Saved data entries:

[Start of section]

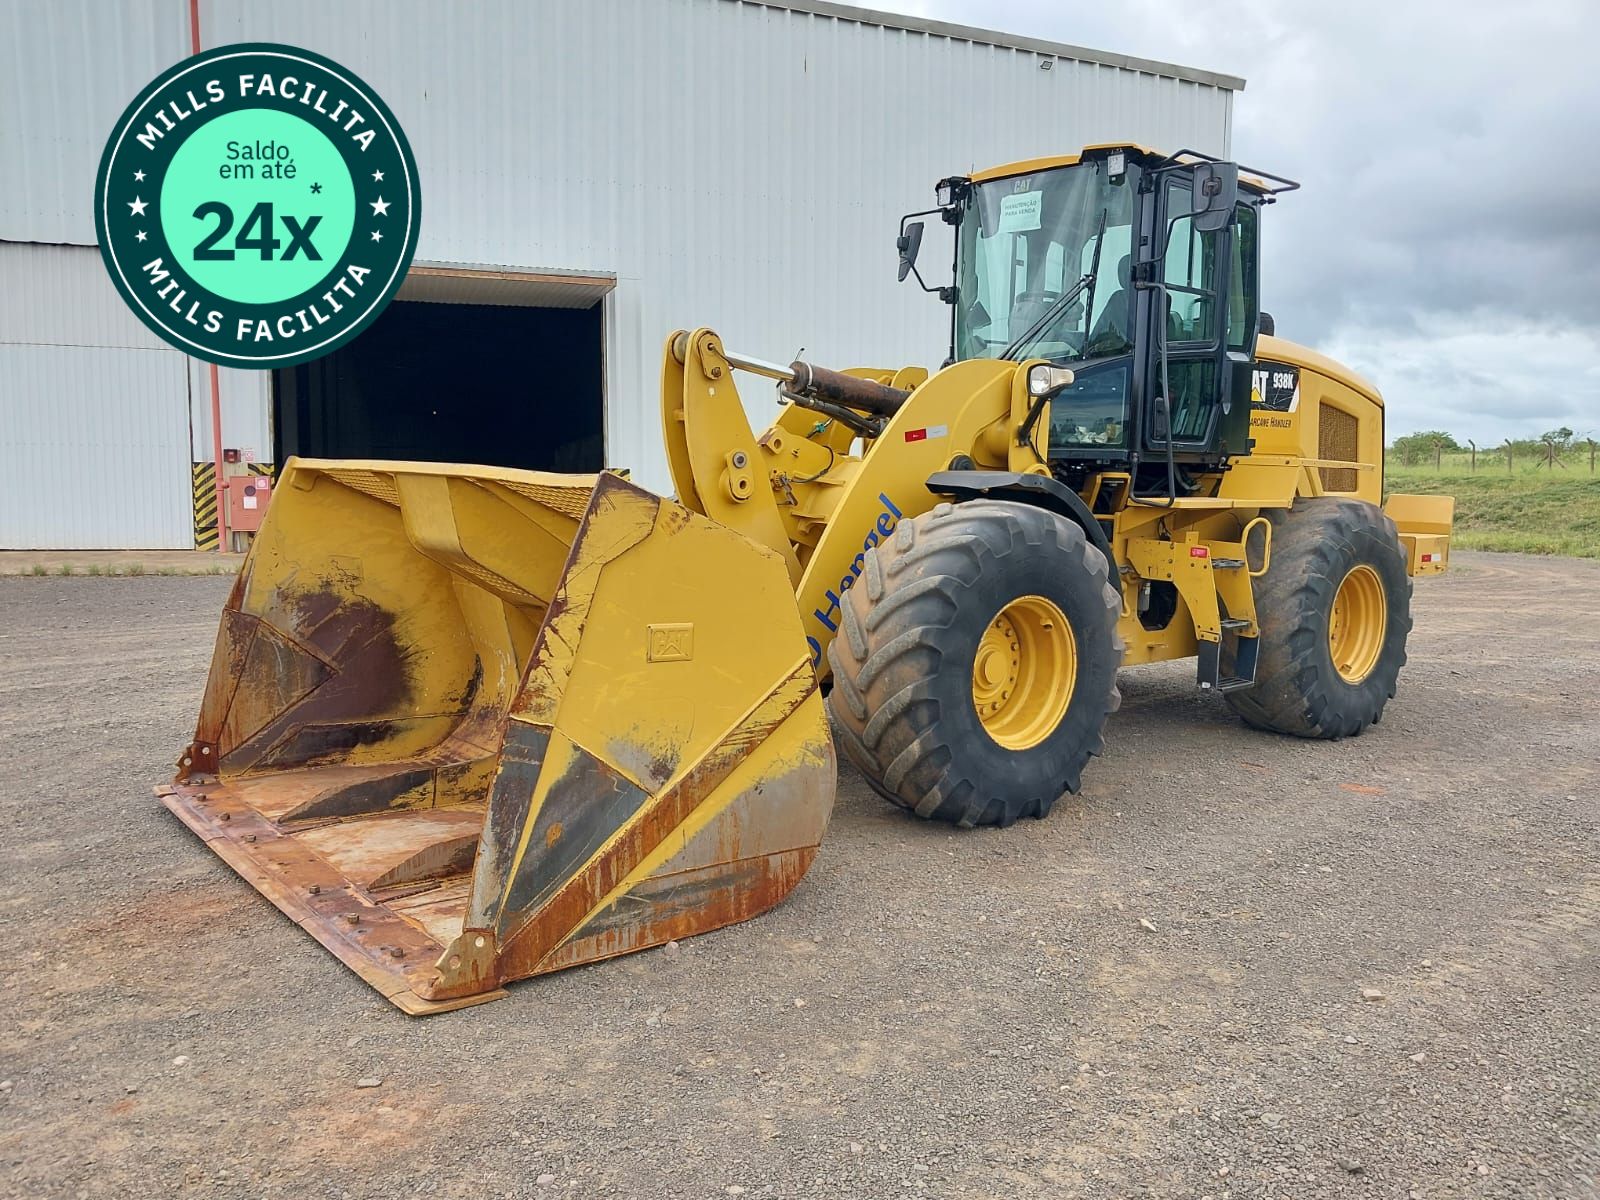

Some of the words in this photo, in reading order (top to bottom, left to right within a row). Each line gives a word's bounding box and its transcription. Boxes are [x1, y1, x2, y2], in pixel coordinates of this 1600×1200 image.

[1014, 178, 1032, 193] CAT
[1251, 370, 1269, 402] AT
[1273, 372, 1294, 389] 938K
[1250, 417, 1270, 427] ARCANE

[End of section]

## AIM OF THE TASK
Retype every entry exactly, but keep the pictures out of your copy.

## WRITTEN SOLUTION
Some of the words in this photo, in reading order (top to bottom, left to right within a row). Each line gives a word's bounding box and its transcription. Boxes are [x1, y1, x2, y2], in pixel coordinates of this 1600×1200 image.

[1014, 178, 1032, 193] CAT
[1251, 370, 1269, 402] AT
[1273, 372, 1294, 389] 938K
[1250, 417, 1270, 427] ARCANE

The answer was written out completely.